Once an aluminium film has been selected, a three-factor DOE of temperature, pressure and time is carried out to confirm the optimum encapsulation process. The PP melting temperature of aluminium-plastic film is usually between 180°C and 190°C. Several temperature points within a certain range can be selected for heat sealing experiments at the same pressure and time to determine the optimum sealing temperature through the strength and effectiveness of the seal. Correspondingly, the effect of heat sealing pressure and time on strength and encapsulation effectiveness can also be determined.

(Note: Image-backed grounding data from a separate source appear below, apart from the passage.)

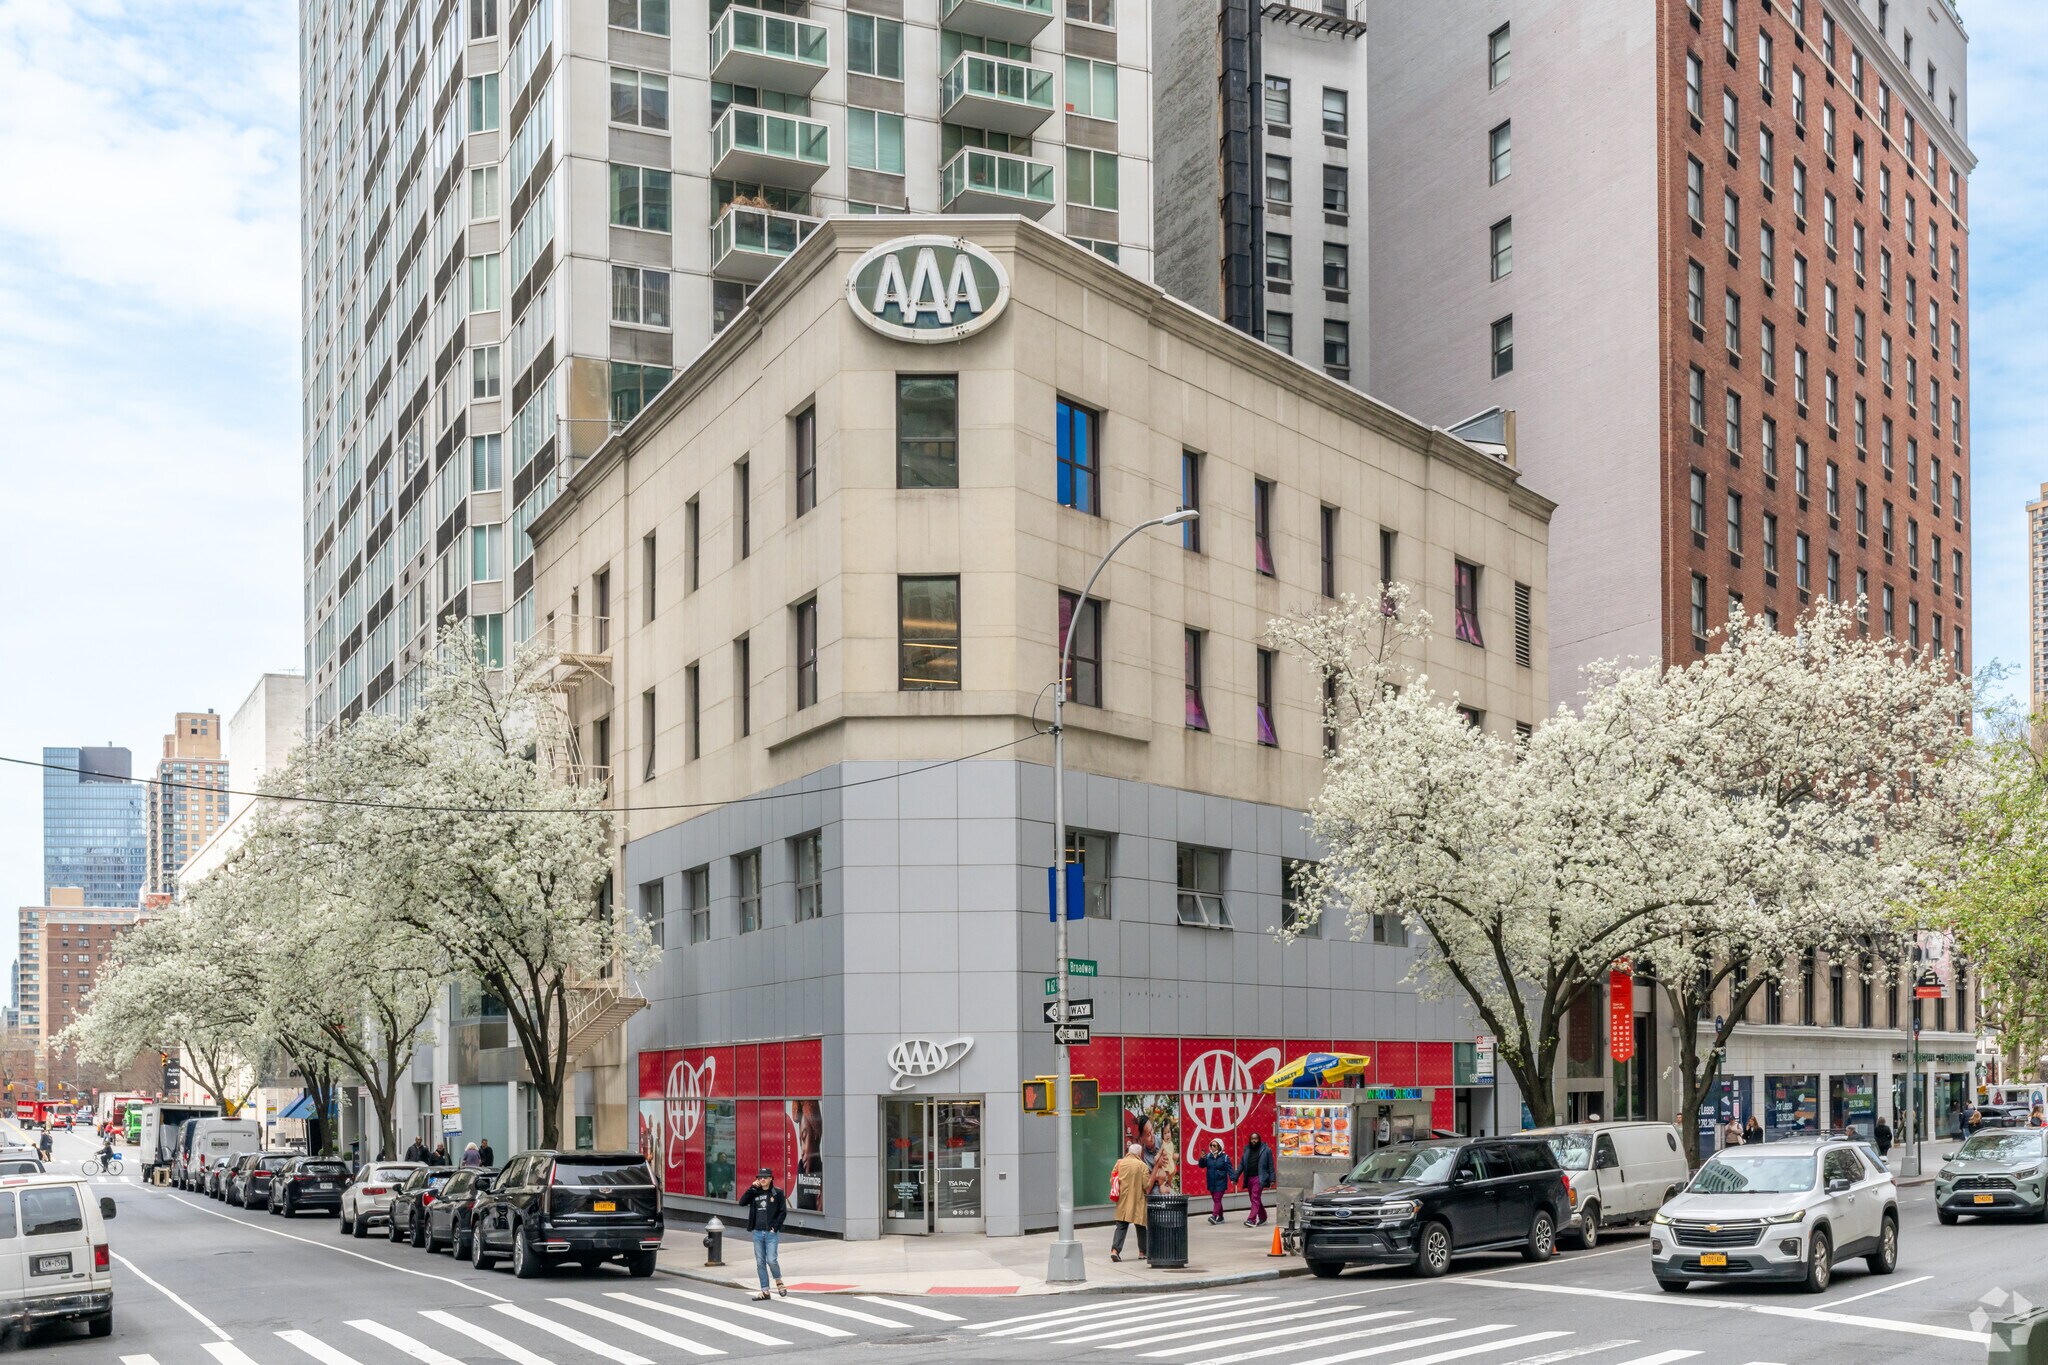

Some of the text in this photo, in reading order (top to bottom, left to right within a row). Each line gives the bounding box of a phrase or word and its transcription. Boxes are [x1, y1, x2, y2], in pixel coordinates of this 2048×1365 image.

[873, 247, 983, 325] AAA
[1070, 960, 1095, 976] Broadway
[1071, 1005, 1087, 1015] WAY
[1059, 1032, 1087, 1040] ONE WAY
[893, 1040, 944, 1074] AAA
[1273, 1071, 1297, 1084] SABRETT
[1190, 1052, 1249, 1130] AAA
[669, 1063, 700, 1138] AAA
[798, 1173, 821, 1186] Maximize
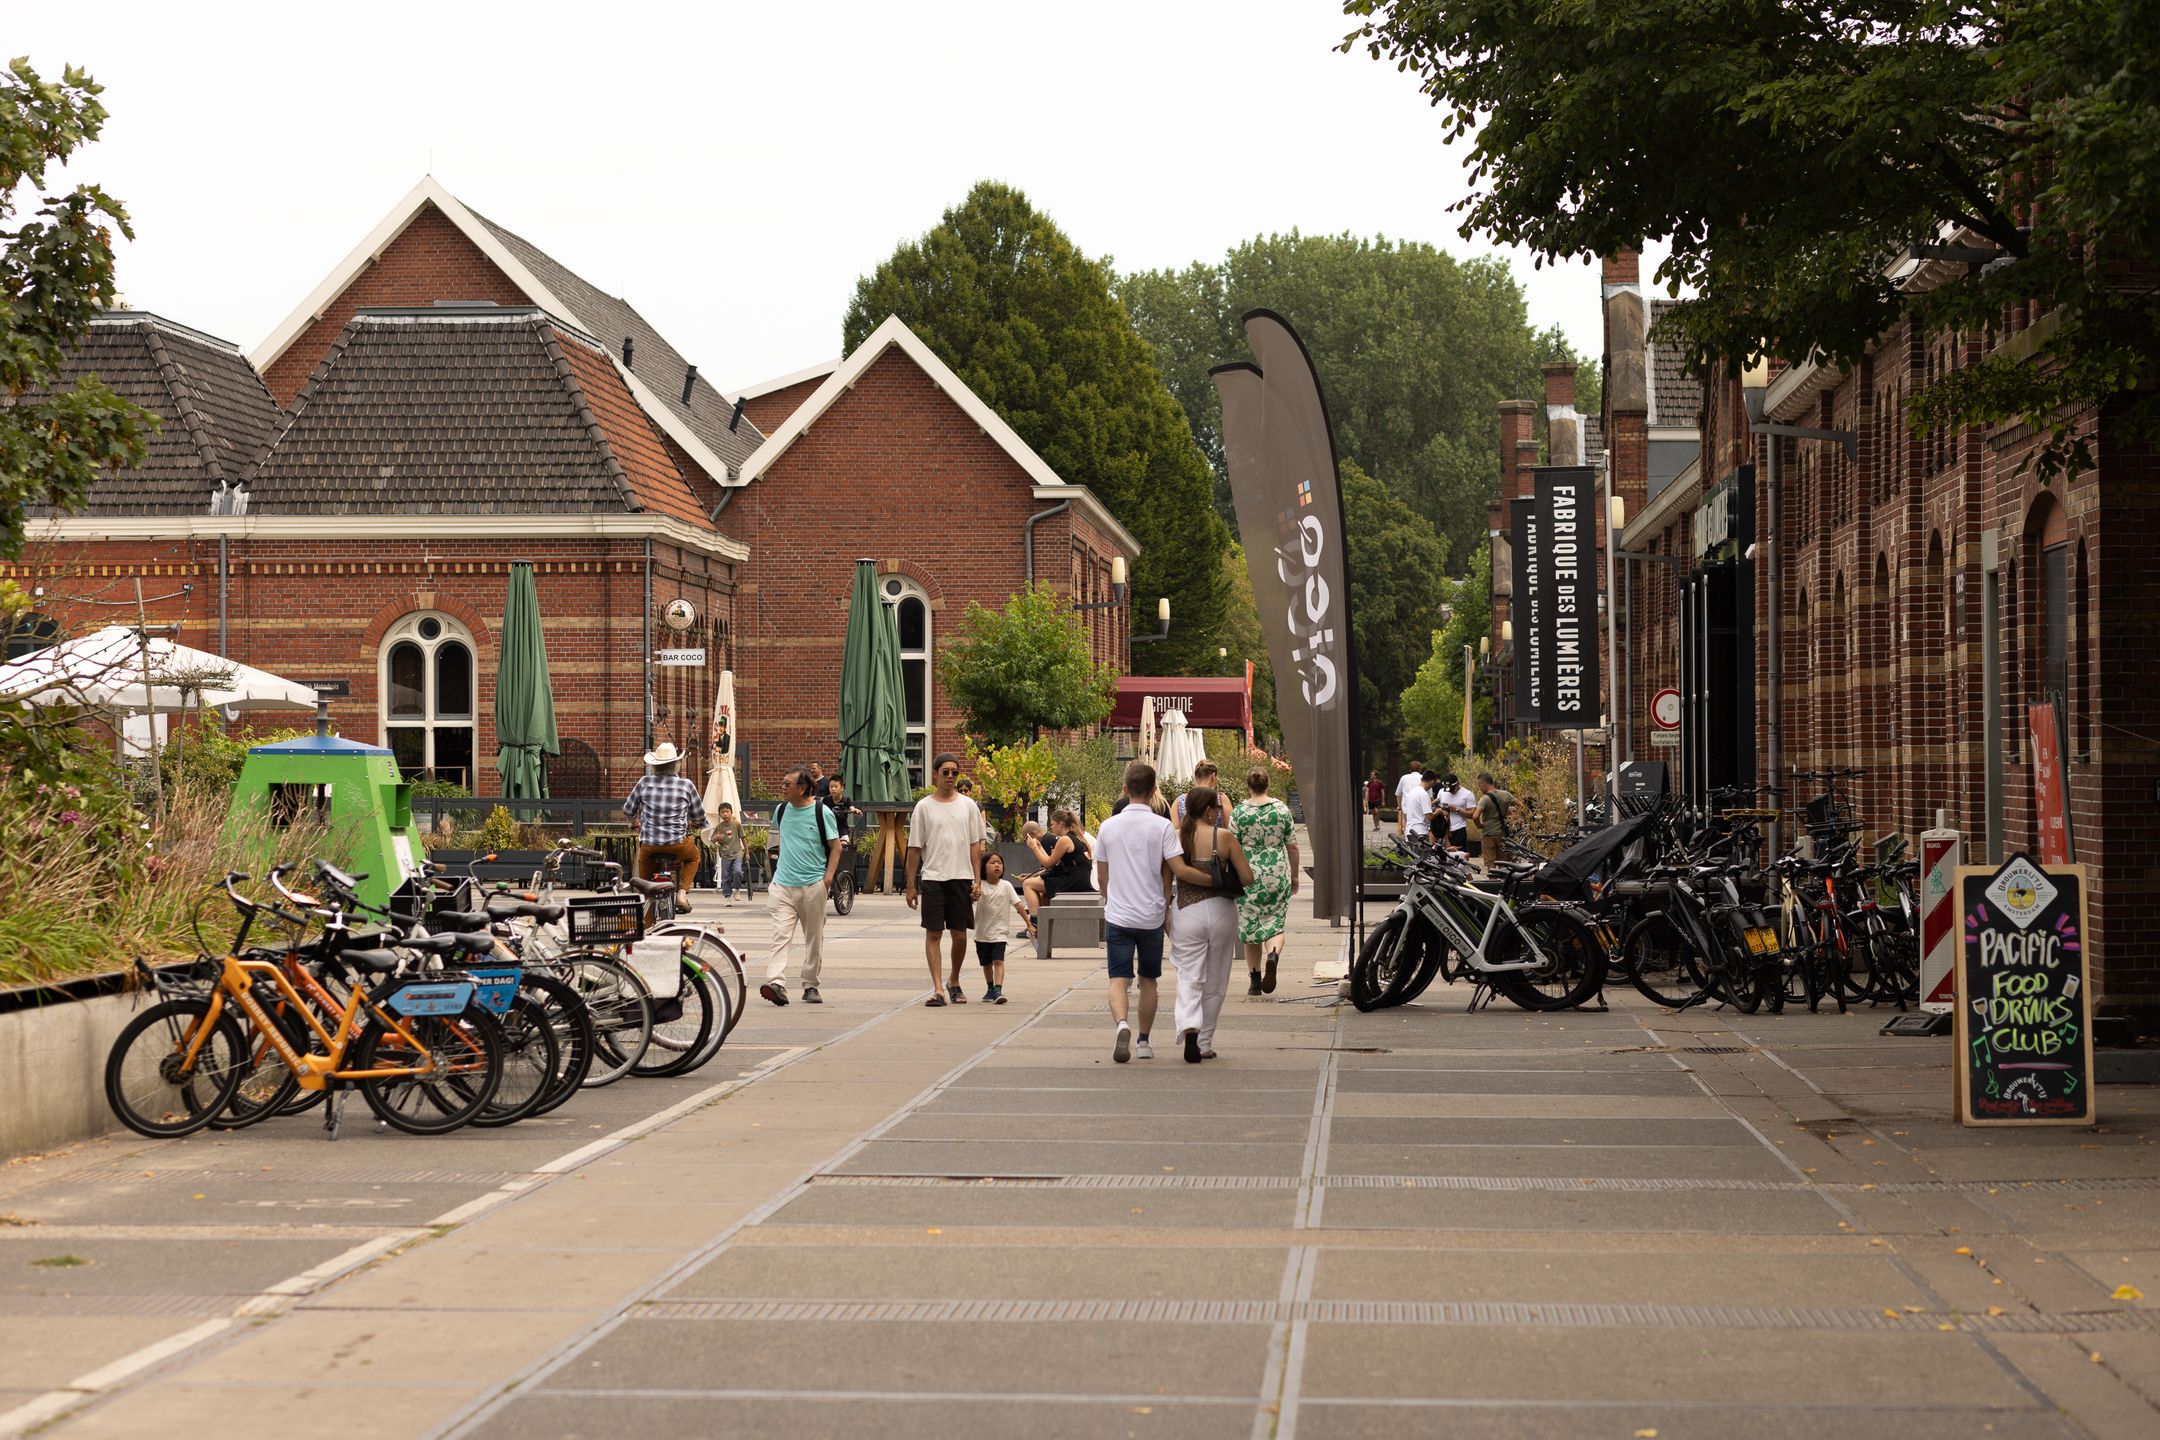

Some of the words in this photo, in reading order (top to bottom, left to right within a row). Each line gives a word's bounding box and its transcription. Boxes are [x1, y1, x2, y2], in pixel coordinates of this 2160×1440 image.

[1553, 485, 1578, 580] FABRIQUE
[1558, 585, 1576, 613] DES
[1556, 617, 1584, 712] LUMIÈRES
[1152, 696, 1193, 712] CANTINE
[2003, 903, 2041, 916] AMSTERDAM
[494, 977, 514, 985] DAG!
[1992, 970, 2049, 1000] FOOD
[241, 991, 271, 1026] DONKEY
[267, 1025, 301, 1067] REPUBLIC
[1992, 1029, 2062, 1056] CLUB
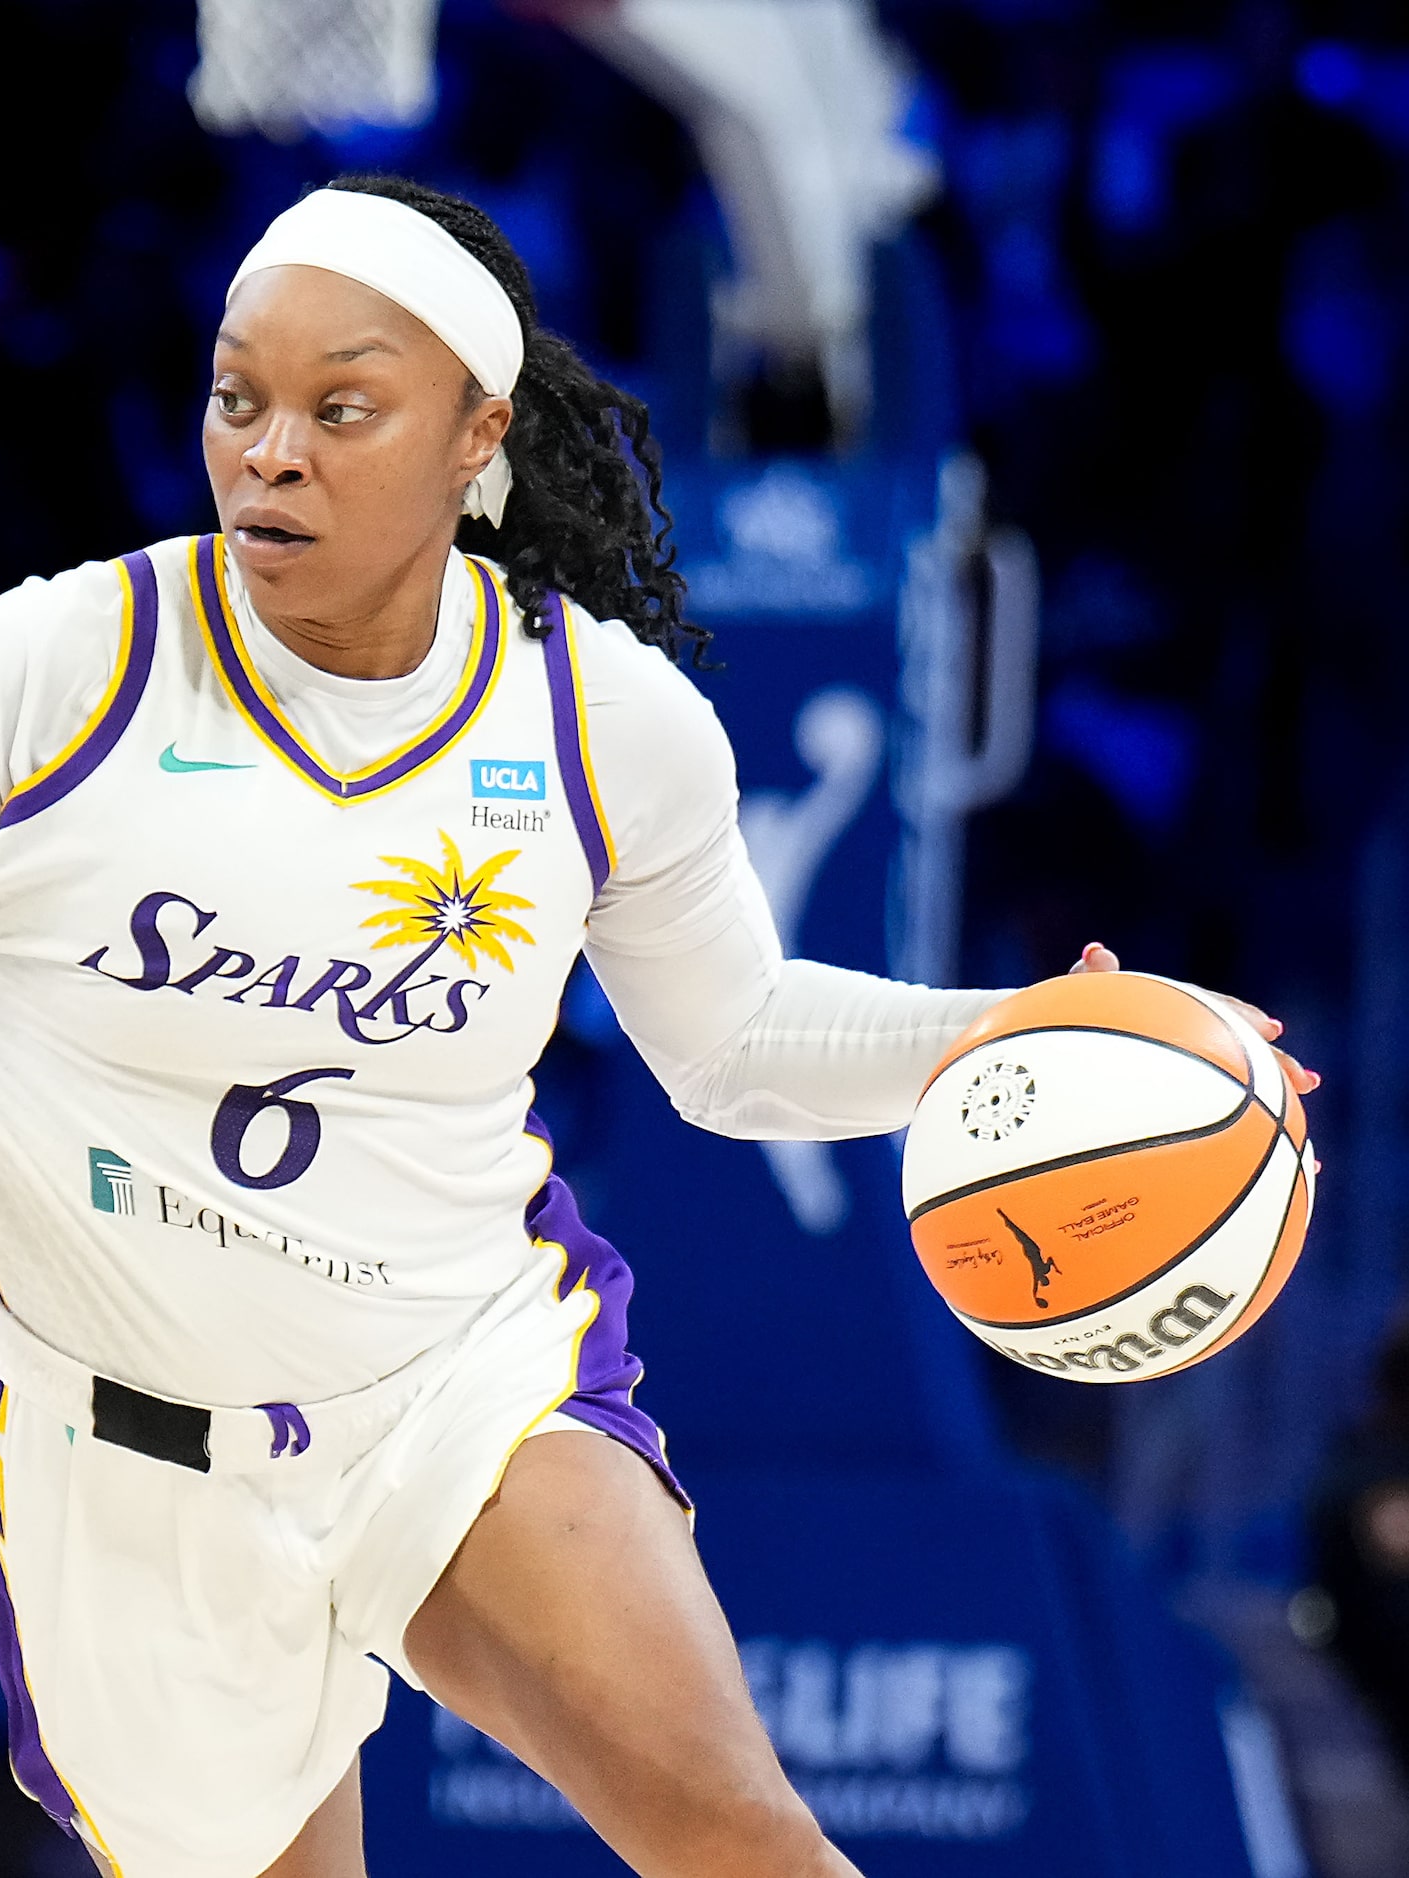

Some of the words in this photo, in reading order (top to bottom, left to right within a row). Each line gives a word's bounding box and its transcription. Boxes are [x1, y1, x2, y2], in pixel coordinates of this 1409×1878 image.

After correlation analysis, it is possible to identify which factor is the main influence. Generally speaking, the strength of the seal increases with the temperature of the seal and may lead to over-sealing when the temperature reaches a certain level, with the PP melt spilling out of the heat seal area and forming cracks when it cools down, thus reducing the strength of the seal. The optimum time for heat sealing is temperature dependent. When the temperature is low the heat sealing time has little effect on the strength because the PP layer does not reach its melting point at low temperatures and the heat sealing layers are not fused together.
When the temperature is high enough, heat seal time is positively correlated with heat seal strength. Encapsulation pressure affects the thickness of the seal, but is a less important factor than temperature and time. During the daily use of the encapsulation equipment, attention should also be paid to the flatness and parallelism of the head, confirming that the head temperature and temperature sensor are normal, etc., and solving the corresponding problems when abnormal temperatures are found.
The encapsulation of the core is a key process that affects the final performance of the core. The main factors affecting the encapsulation of aluminium-plastic film are the selection of equipment and moulds, and the determination of the encapsulation process. Secondary influences include the quality of the incoming material, the ability of the operator and the workshop environment. Only by coordinating all aspects can we do a good job of encapsulating the cores, preventing corrosion of the electrolyte while isolating the interior of the core from the external environment and preventing the infiltration of water vapour to ensure the cycle life and safety of the lithium battery.